最近、「ネガティブ・ケイパビリティ 答えの出ない事態に耐える力」という本に出会いました。著者は精神科医で作家でもある帚木蓬生さんです。私にとっては難解で、正直、読み飛ばした部分もあります。
しかし、カウンセリングにとても役立つところもありました。いろんな、クライアント(相談者)の方がおられますが、昔からの重い悩みを抱えられて、とてもそのことの解決が困難な場合もあります。何度も何度もフラッシュバックしてクライアントさんを苦しめているのです。うつ状態や不眠などは医療の力を借りて、ということもありますが、そういう方がカウンセリングに来られて、カウンセラーとしての力不足を感じることもありました。
この本を読んで、精神科医でも心を癒せない場合、「日薬」と「目薬」の重要性を語られていました。「日薬」とは文字通り、日にち、時間の経過です。ではここでいう「目薬」は
目に差す薬ではなく、ちゃんと目であなたのことを見ていますよ、気にかけていますよという意味です。

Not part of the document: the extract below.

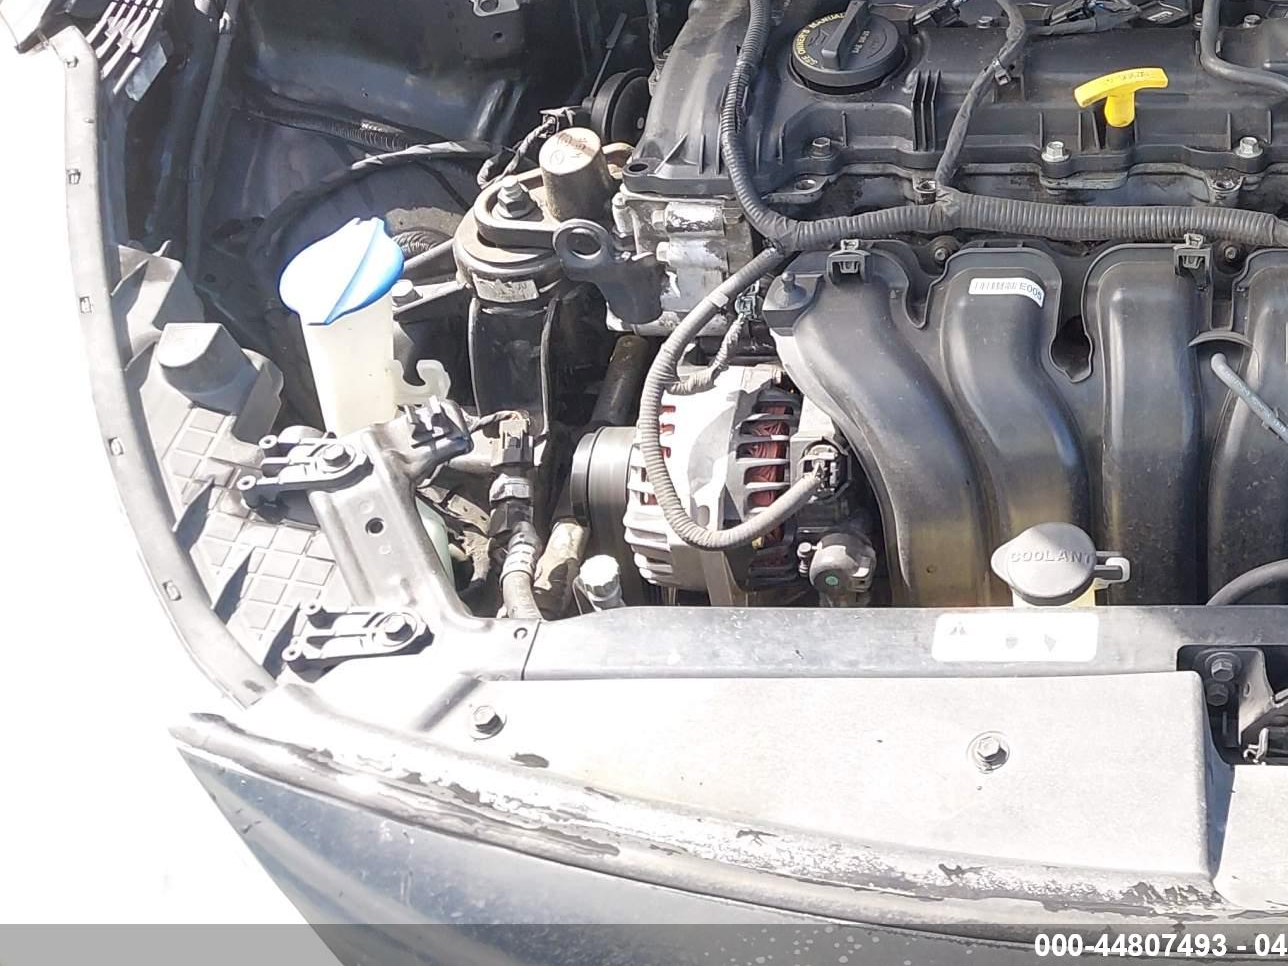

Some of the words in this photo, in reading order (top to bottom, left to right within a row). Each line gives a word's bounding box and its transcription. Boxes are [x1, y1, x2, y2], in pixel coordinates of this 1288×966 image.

[808, 12, 847, 29] MANUAL
[1019, 282, 1042, 300] E005
[1009, 549, 1092, 564] COOLANT

答えの出ない、どうしようもない問題を抱えた場合、何度でも何度でも、時間が長期にかかっても、そのクライアントさんの話に耳を傾けること、それが、クライアントさんがその悩みに耐えられることにつながる、そういうことをこの本から学びました。
すぐには解決しないことでも、粘り強い傾聴、共感、受容が大事であることを再確認させられた本でした。